According to IAS 39, hedge accounting refers to a method of accounting aimed at allocating one or more hedging instruments in such a way that their fair value offsets, in full or in part, the changes in the fair value or cash flows of the hedged item. Hedge accounting is applied to hedging the interest rate risk and commodity risk. The hedge accounting model in use includes cash flow hedging.
Hedge effectiveness is monitored as required by IAS 39. Effectiveness refers to the capacity of a hedging instrument to offset changes in the fair value of the hedged item or cash flows from a hedged transaction, which are due to the realization of the risk being hedged. A hedging relationship is considered to be highly effective when the change in the fair value of the hedging instrument offsets changes in the cash flows attributable to the hedged items in the range of 80-125 percent.
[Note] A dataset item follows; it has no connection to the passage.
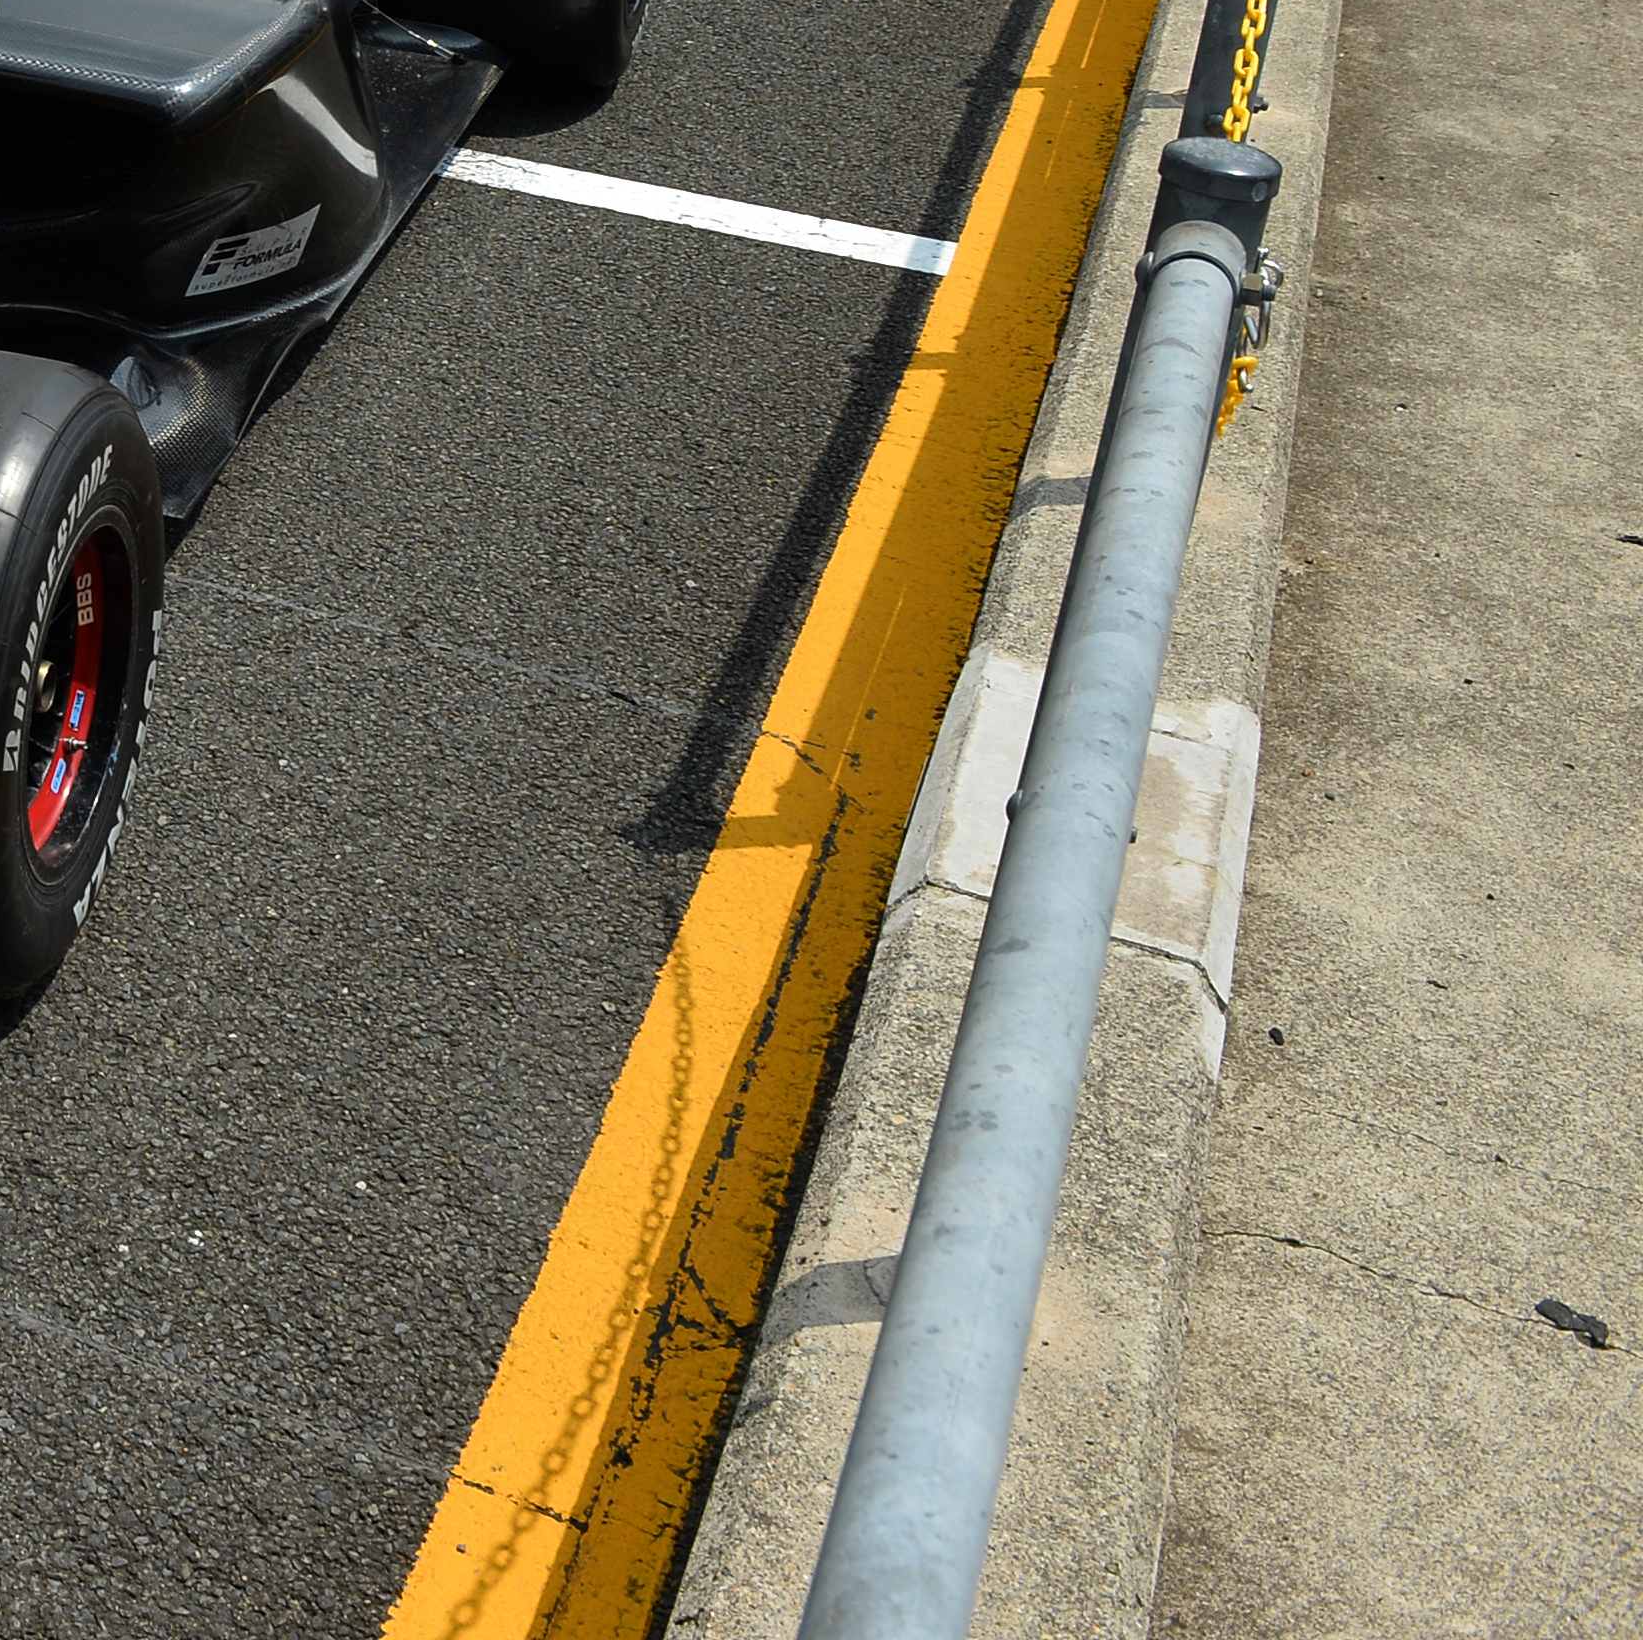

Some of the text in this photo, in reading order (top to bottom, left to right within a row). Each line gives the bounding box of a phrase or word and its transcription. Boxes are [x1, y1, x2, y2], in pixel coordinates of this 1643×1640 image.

[233, 238, 303, 271] FORMULA
[3, 444, 113, 773] BRIDGESTONE
[76, 572, 94, 626] BBS
Hedge effectiveness is assessed both prospectively and retrospectively. Testing for hedge effectiveness is repeated on each balance sheet date.
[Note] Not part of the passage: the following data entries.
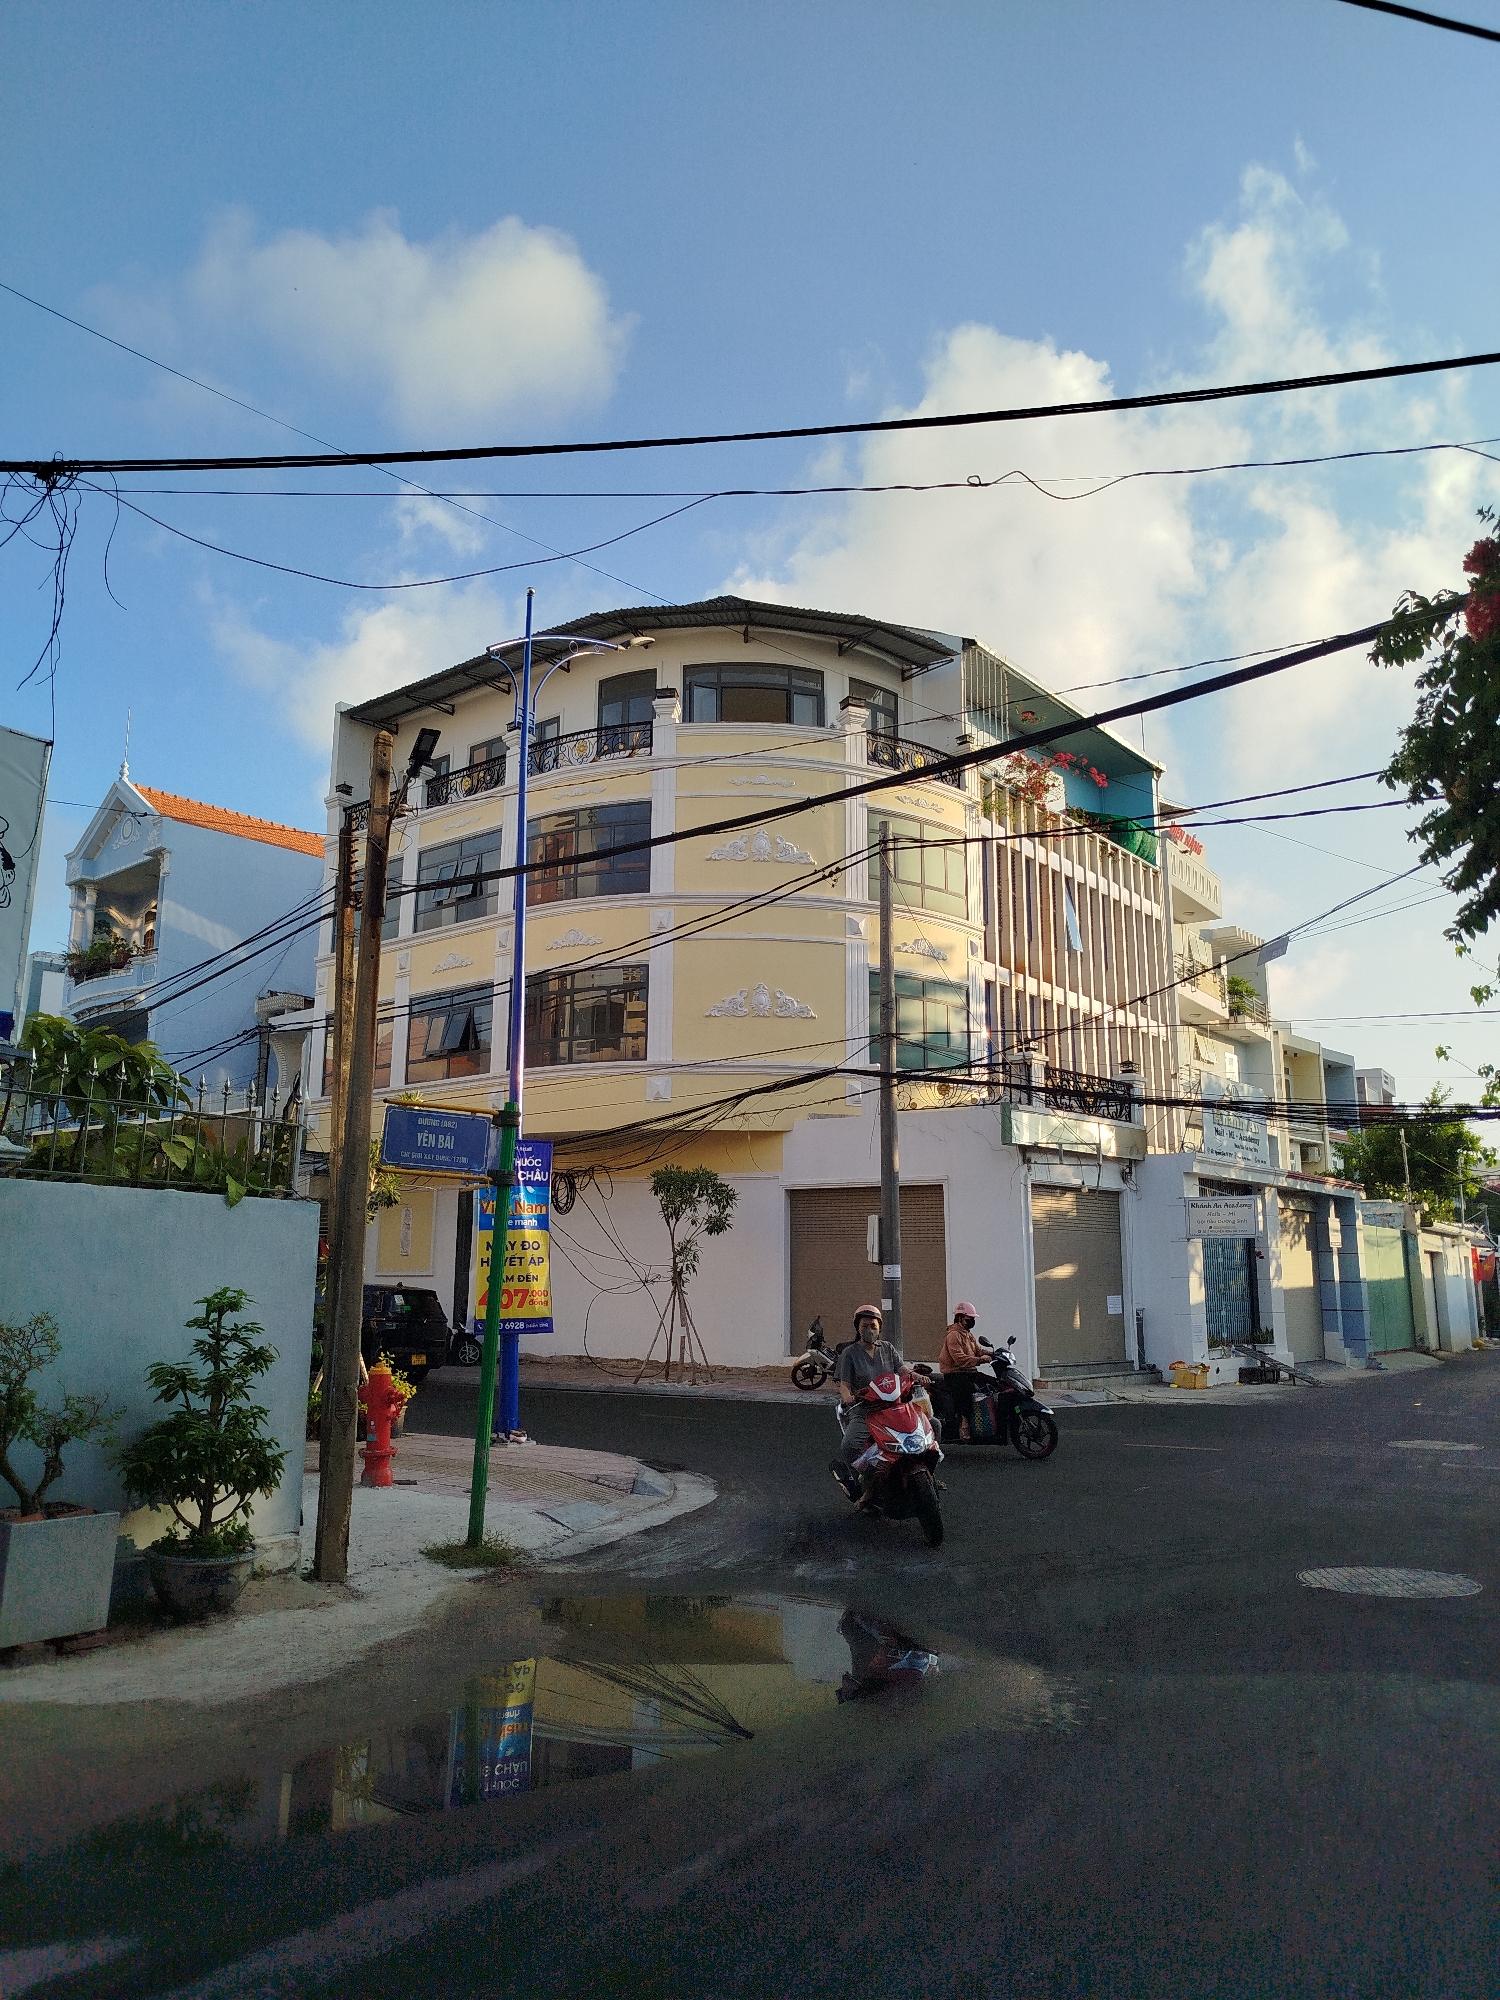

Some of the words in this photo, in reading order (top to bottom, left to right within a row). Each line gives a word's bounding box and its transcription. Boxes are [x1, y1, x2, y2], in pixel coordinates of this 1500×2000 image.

[417, 1130, 436, 1148] YÊN
[438, 1132, 455, 1149] BÁI
[514, 1155, 542, 1167] HUỐC
[518, 1169, 549, 1182] CHÂU
[515, 1200, 548, 1214] Nam
[1224, 1202, 1252, 1210] Academy
[515, 1217, 538, 1228] mạnh
[520, 1240, 541, 1251] ĐO
[480, 1252, 525, 1267] HYẾT
[528, 1253, 545, 1267] ÁP
[517, 1271, 539, 1283] ĐẾN
[504, 1321, 525, 1330] 6928
Hedge accounting is discontinued when the criteria for hedge accounting are no longer fulfilled. Gains or losses recognized in other comprehensive income and presented under equity are derecognized and transferred immediately in the income statement, if the hedged item is sold or falls due. However, gains or losses arising from changes in the fair value of those derivatives not fulfilling the hedge accounting criteria under IAS 39 are recognized directly in the income statement.
At the inception of a hedge, the Group has documented the existence of the hedging relationship, including the identification of the hedging instrument, the hedged item or transaction, the nature of the risk being hedged, the objectives of risk management and the strategy for undertaking hedging, as well as the description of how hedge effectiveness is assessed.
Cash flow hedging is used to hedge against variability in cash flows attributable to a particular risk associated with a recognized asset or liability in the balance sheet or a highly probable forecast transaction. Interest rate and commodity derivatives are used as investment instruments in cash flow hedging. Interest rate and commodity derivatives are used as hedging instruments in cash flow hedges. Cash flow hedge accounting, specified in IAS 39 is applied by the Group to only selected hedging
items. Changes in the fair value of derivative instruments associated with cash flow hedge are recognized in other comprehensive income (including the tax effect) and presented under equity, providing that they fulfill the criteria set for hedge accounting and are based on effective hedging. The ineffective portion of the gain or loss on the hedging instrument is recognized under financial items in the income statement. Derivatives not fulfilling the hedge accounting criteria are recognized in financial items through profit or loss.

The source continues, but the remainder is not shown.